Saturday, June 21, 2008

HMI - Part I

This is the first of a few segments about my brief stint (1 month) at the Darjeeling based Himalayan Mountaineering Institute (HMI, official website, official website #2). The institute was founded in 1954 by the Prime Minister of India, upon Tenzing Norgay and Edmund Hillary's ascent of Everest (the first in history). (As I stood in front of Norgay's final remains and monument, I was reminded of my time in New Zealand where I was traveling at the time of Edmund Hillary's death, earlier this year. Interesting happenings for someone only moderately interested in the sport of mountaineering.)
I was part of the 28 day, 266th course at HMI,: Basic Mountaineering Course. With an enrollment limit of 60 students, our course naturally had 117 students, for after all, this is India, where any rule can be broken. Safety and student learning thrown aside, a military high school had decided to send an entire class, and allegedly the Principle of HMI could not refuse entry. Despite demanding all entrants be physically fit, few students were turned away throughout the duration of the course for not meeting this criteria.
Over the next 10 days, we attended lectures, did physical training and yoga, and practiced rock climbing skills, before heading higher into the Himalayas (Future Blogpost: HMI - Part II). Our lectures ranged from Mountain First Aid, Map Reading, Knots, History of the Himalayan ranges, and Avalanche Safety, among other topics. Physical Training consisted of a 5 km run alternate mornings with general calisthenics - stretching, push ups, crunches, squats, etc. and yoga on the other mornings. Rock climbing exercises were conducted on natural rock as well as indoor and outdoor artificial surfaces.
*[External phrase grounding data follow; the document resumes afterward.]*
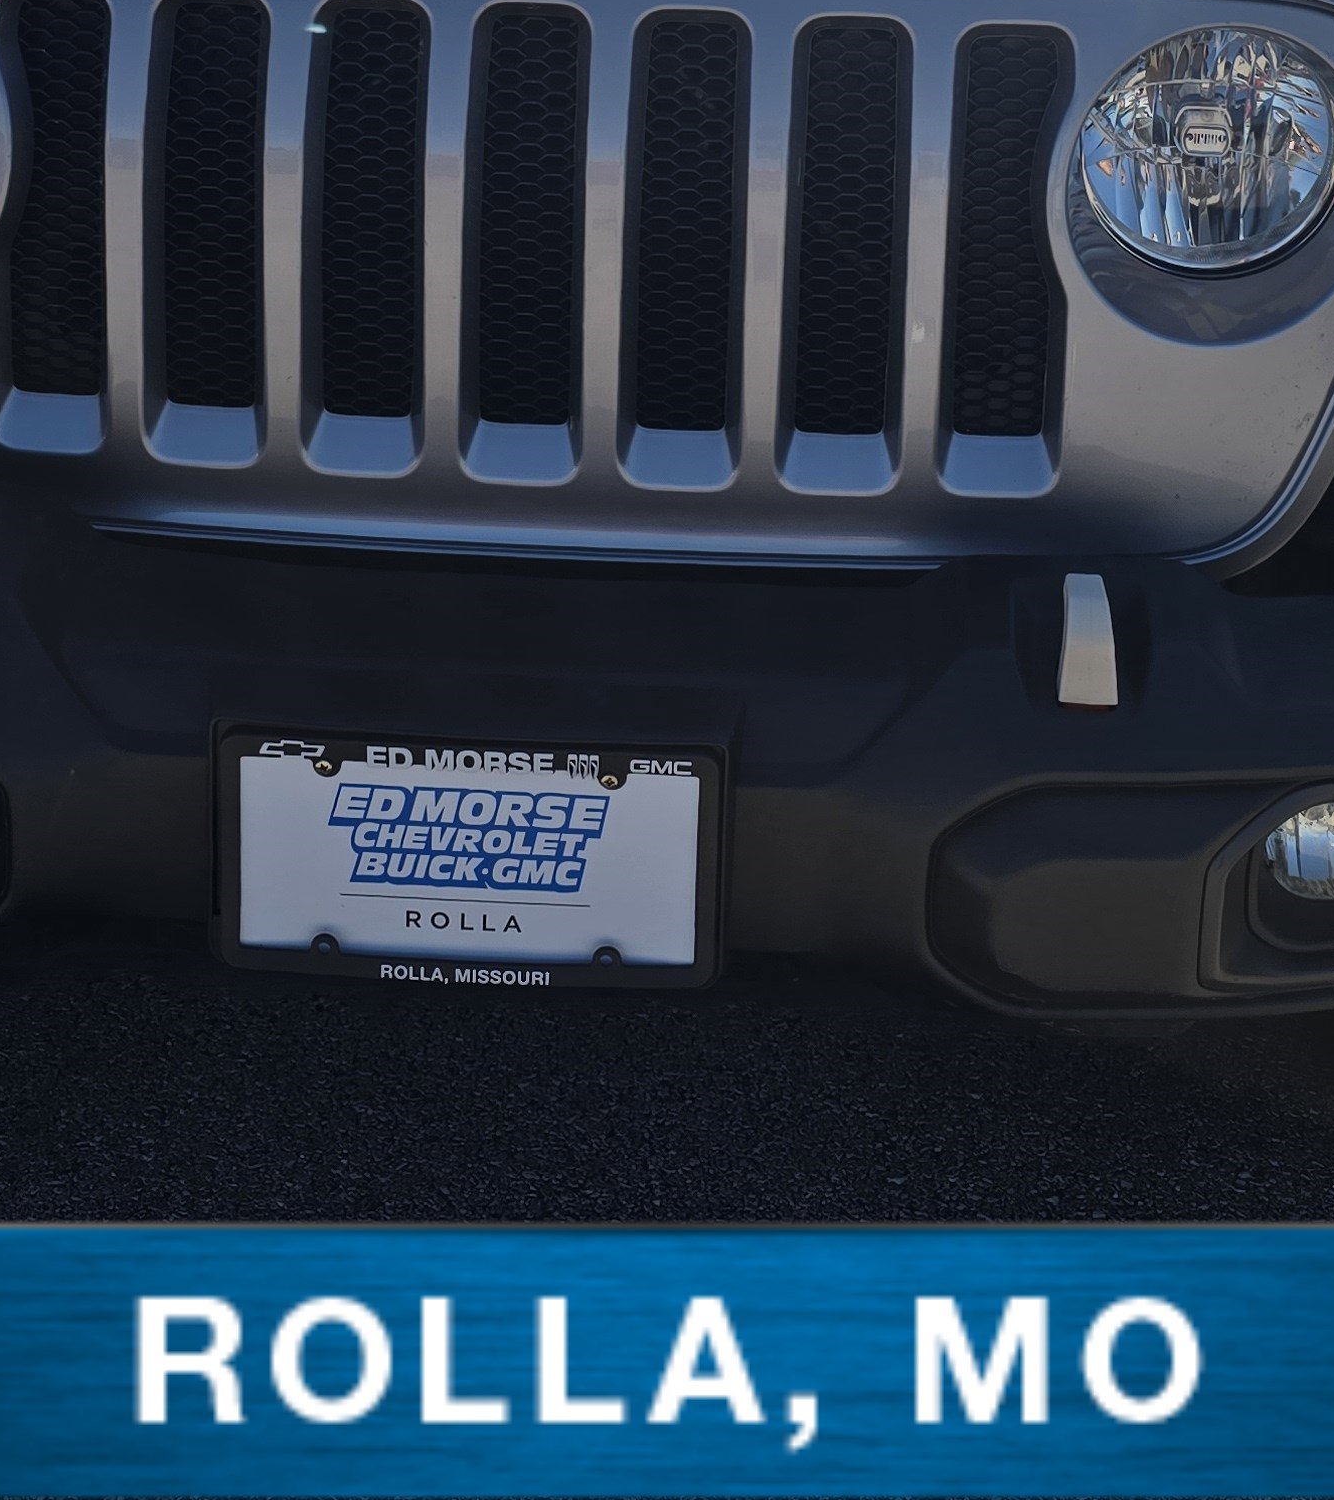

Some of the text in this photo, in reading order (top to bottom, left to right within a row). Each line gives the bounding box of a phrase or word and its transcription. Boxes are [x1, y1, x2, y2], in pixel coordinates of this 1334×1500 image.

[366, 745, 555, 775] ED MORSE
[629, 759, 693, 777] GMC
[332, 786, 607, 831] ED MORSE
[353, 823, 584, 858] CHEVROLET
[405, 910, 523, 933] ROLLA
[380, 964, 551, 987] ROLLA, MISSOURI
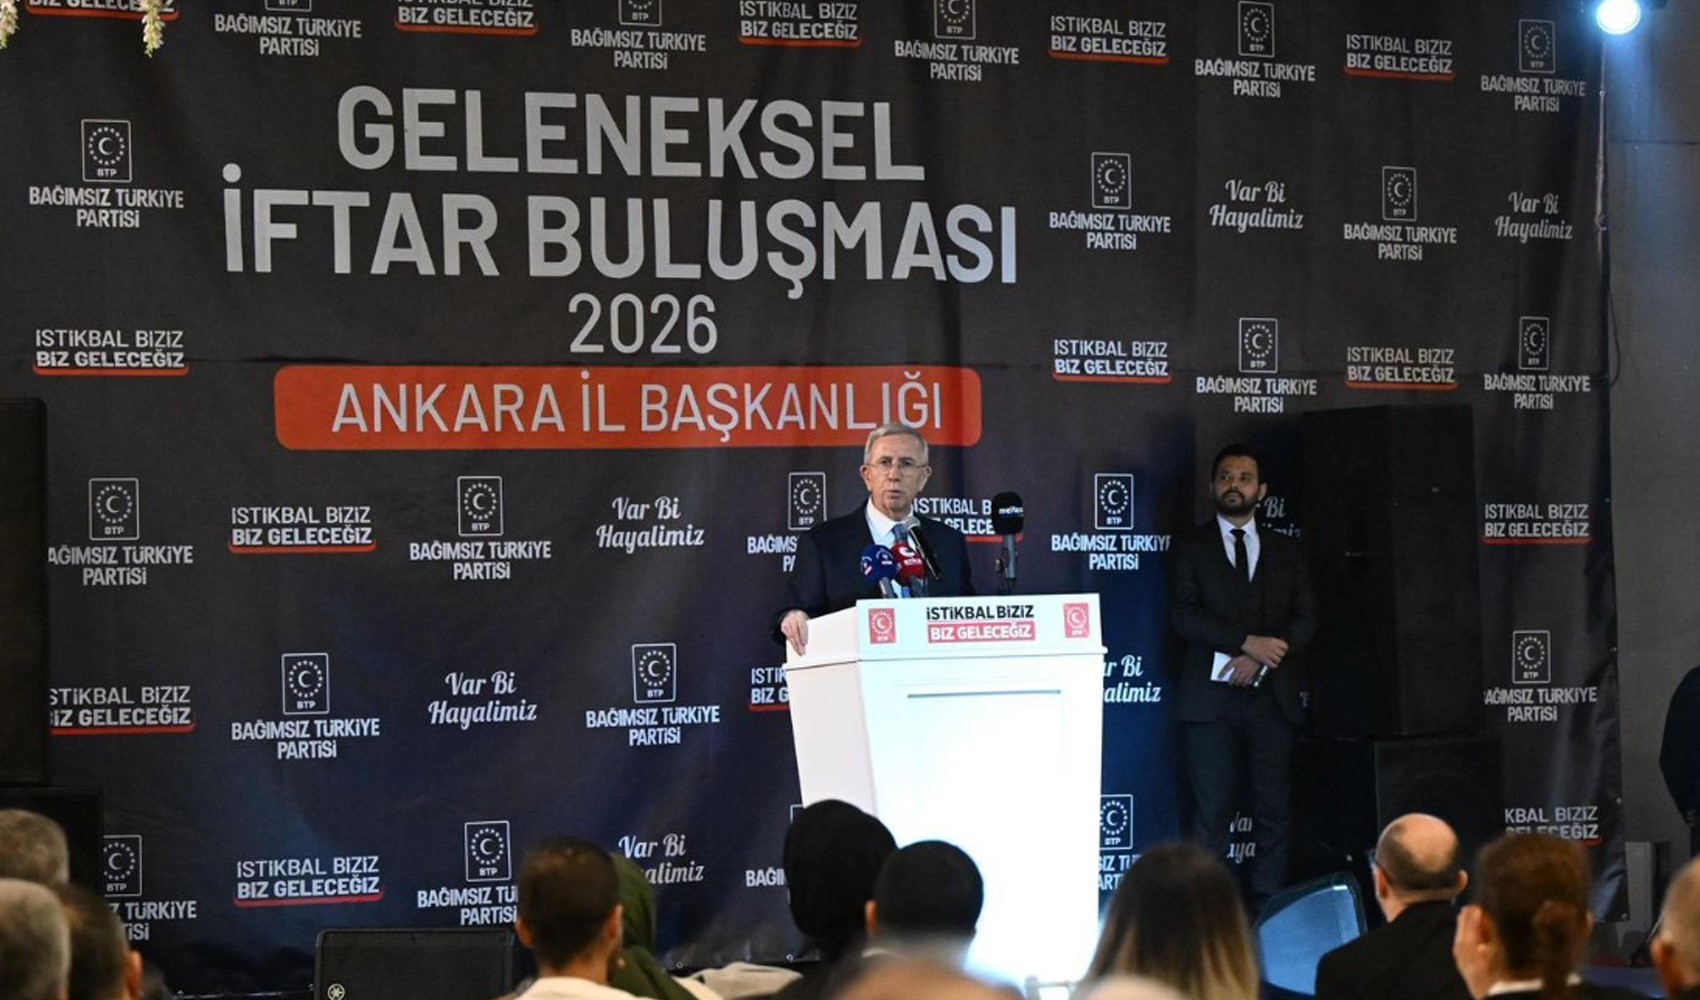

The natural rock climbing area in Darjeeling is shown in this movie. Having worked and climbed (on and off) for the past 10 years with those new to the sport, I can not fathom a worse environment for a beginner. Besides getting randomly yelled at (mostly in Hindi, sometimes English) to climb faster or use this or that hold, belay techniques and general safety were sketchy at best. Further, honking jeeps, yelling hawkers selling pakoras, and tourists and schoolchildren interrupted our learning constantly. Miraculously, only one member of my team was seriously injured here (dislocated shoulder), although another left the program because of the "learning" environment at the rock.

video

The outdoor artificial rock (sport) climbing wall at HMI is one of only two UIAA certified walls in India (the other is at NIM). It's 50 feet tall, 20 feet wide, and overhanging in varying degrees.

video

Finally, just before leaving Darjeeling for the high mountains, we did a training trek to the nearby Tiger Hill. From here, on a clear day, one can see not only the nearby Himalaya that are visible from HMI (including the third tallest mountain in the world, Kanchenjunga), but also number 1 (Everest), and number 4 (Lhotse). Unfortunately, it was completely cloudy the morning we made the 22 km round trip hike with our laden packs.
(A quiet trek with 116 of my new bestest friends.)

View of Kanchenjunga from Tiger Hill (Same as that from my dormitory at HMI).

Food at HMI was, to say the least, very regular. For breakfast we normally had some white bread toast with some sort of potato subsy (salad/caserole) to go with some tea. A few days at the beginning we got a small egg omelet, before the breakout of bird flu here in Darjeeling.
Lunch and dinner always consisted of at least the following, clockwise from top left: water or tea (chai masala), roti/chapatis (unleavened bread similar to tortillas), chaval (rice) with some dal on top (lentil soup), pinch of salt if you want, potato subsy (salad/caserole), more dal (lentil soup), and if we were lucky, some achar (pickled vegetables for flavoring). On a rare occasion (~5 times in 28 days), there was the option for either paneer (cottage cheese) for vegetarians, or mutton for non-vegetarians (as omnivores are called, in India).